Personal information
- Date of birth: 1 May 1920
- Place of birth: Bucharest, Romania
- Date of death: 28 September 2015 (aged 95)
- Place of death: Bacău, Romania
- Position: Midfielder

Youth career
- 1933–1935: Unirea Tricolor București

Senior career*
- Years: Team / Apps / (Gls)
- 1935–1947: Unirea Tricolor București / 54 / (0)
- 1953: Metalul Câmpina

Managerial career
- 1951–1952: Letea Bacău
- 1953: Metalul Câmpina (assistant)
- 1954: Metalul Câmpina
- 1956: Energia Câmpina

= Constantin Anghelache =

Romanian footballer

Constantin Anghelache (1 May 1920 – 28 September 2015) was a Romanian football midfielder, manager and a World War II veteran.

==Life and career==
Anghelache joined Unirea Tricolor București after being seen by coach Petre Steinbach at a school competition. He played all the minutes in all 24 matches of the 1940–41 season, in which Unirea Tricolor won the championship. According to former coach Gheorghe Constantin, during the period Anghelache was a member of the fascist Iron Guard, often donning the organization's characteristic green shirt. He was a student at the National University of Physical Education and Sport (ANEFS), graduating in 1942. During his college years at ANEFS he became one of the best alpine skiers from the university, a performance which convinced the Romanian royal family to hire him to be Prince Michael's ski instructor. In 1944 he fought for the Romanian Armed Forces in World War II as a sub-lieutenant, being the only survivor of the footballers from Unirea Tricolor who were incorporated, as his teammates Petre Sucitulescu, Gicu Cristescu, Traian Ionescu and Andrei Alecu died on different battlefields of the Eastern Front. After he returned from the war, he graduated law school in 1947 and continued to play for Unirea Tricolor, being also the team's secretary. In 1947, after the Communist regime came in Romania, the Ministry of Internal Affairs wanted Unirea Tricolor to merge with Ciocanul București in order to create Dinamo București. Anghelache, together with the club's president Valeriu Negulescu and coach Ștefan Cârjan opposed the merger. All three of them were sent to jail for their past membership in or suspected sympathy for the fascist Iron Guard. They later claimed the arrests were the result of their opposition to the merger. In 1949 Angheleache received a two years and four months sentence which was served in the Jilava and Aiud prisons.

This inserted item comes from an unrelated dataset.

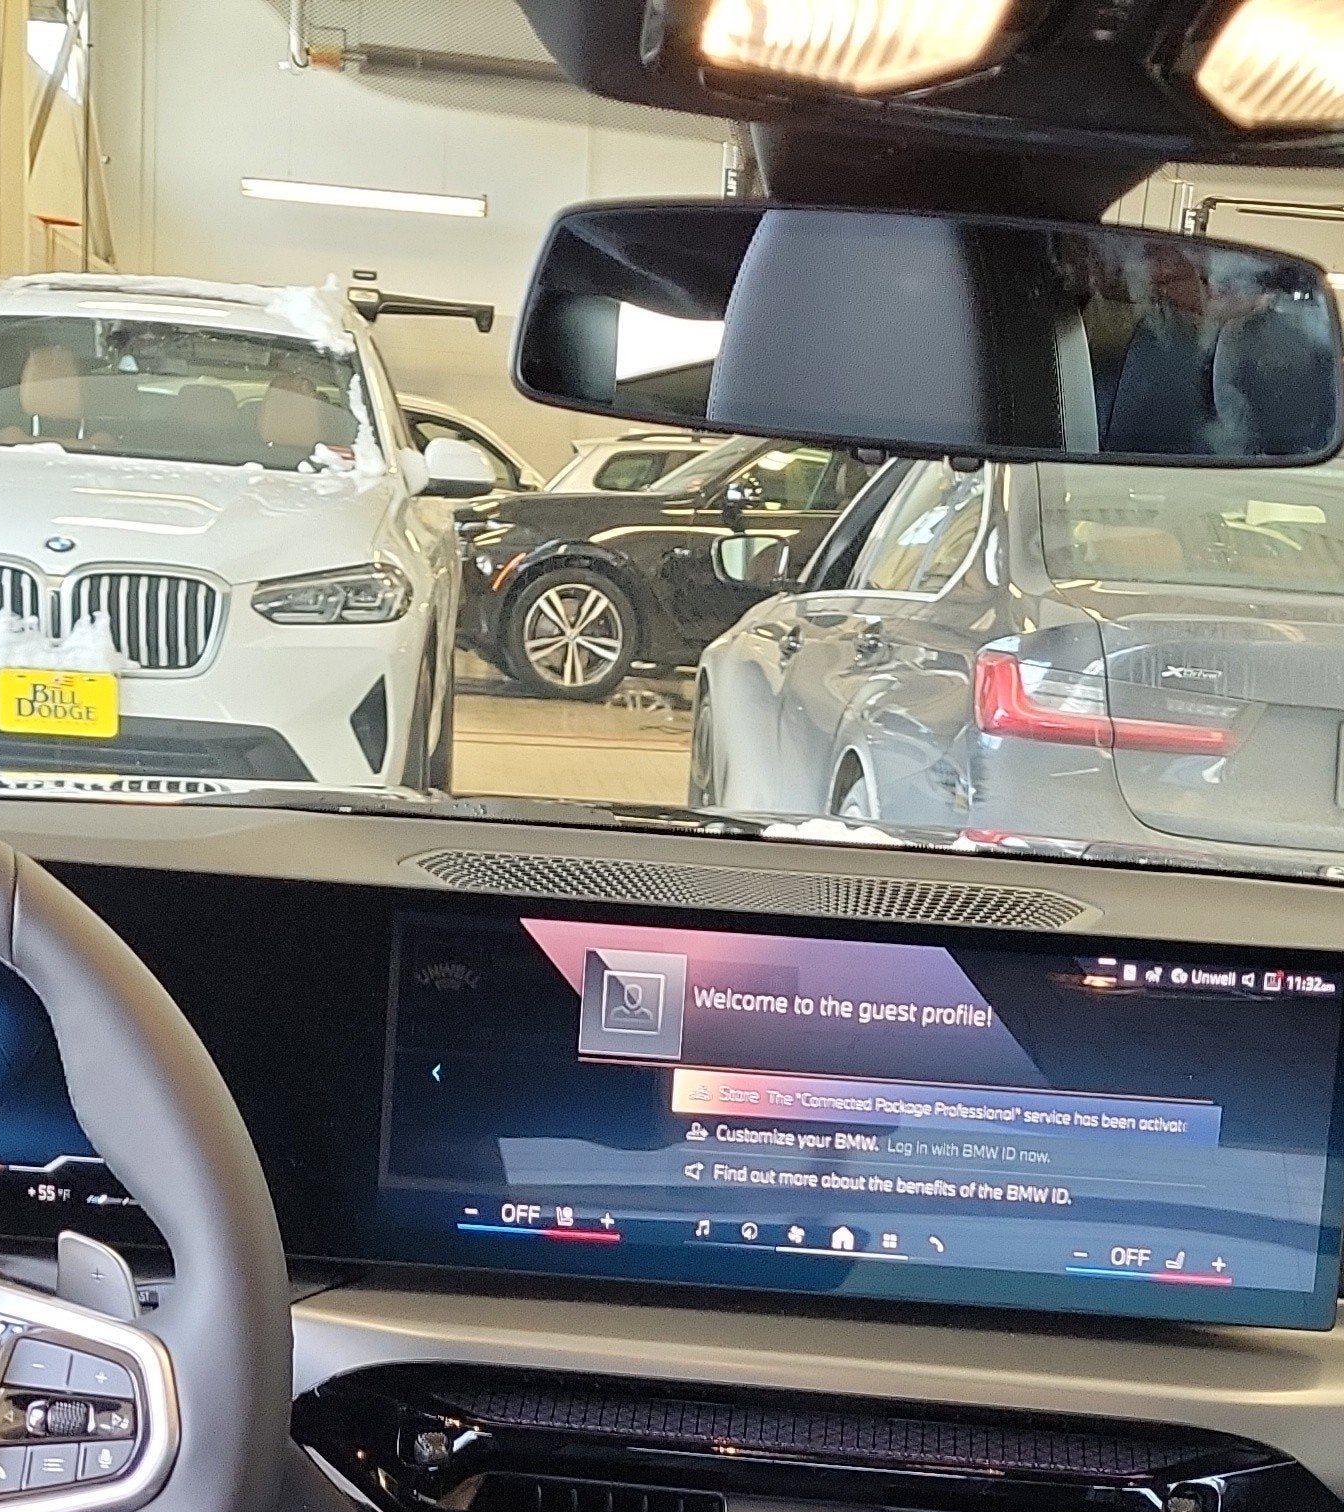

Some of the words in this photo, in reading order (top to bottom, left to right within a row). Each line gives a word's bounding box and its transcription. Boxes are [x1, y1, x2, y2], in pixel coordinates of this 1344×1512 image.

After he was released from jail, he moved to Bacău, where he worked at the Letea factory and started his coaching career at the factory's team from the third division. He later had a few spells at Metalul Câmpina, but in 1958 he was banned from coaching because of political reasons, so he worked illegally, being an unofficial coach at Dinamo Bacău, Poiana Câmpina and Tractorul Brașov. In 1970, Anghelache founded the High School of Football Bacău, which was the first football high school with a football program in Romania, where he worked as a teacher. From 1970 until the early 1980s he coached children and juniors at the high school he founded and at the FCM Bacău and Tractorul Brașov clubs, teaching generations of players, 67 of them reaching the senior or junior national teams of Romania including Sorin Avram, Vasile Șoiman and Costel Solomon.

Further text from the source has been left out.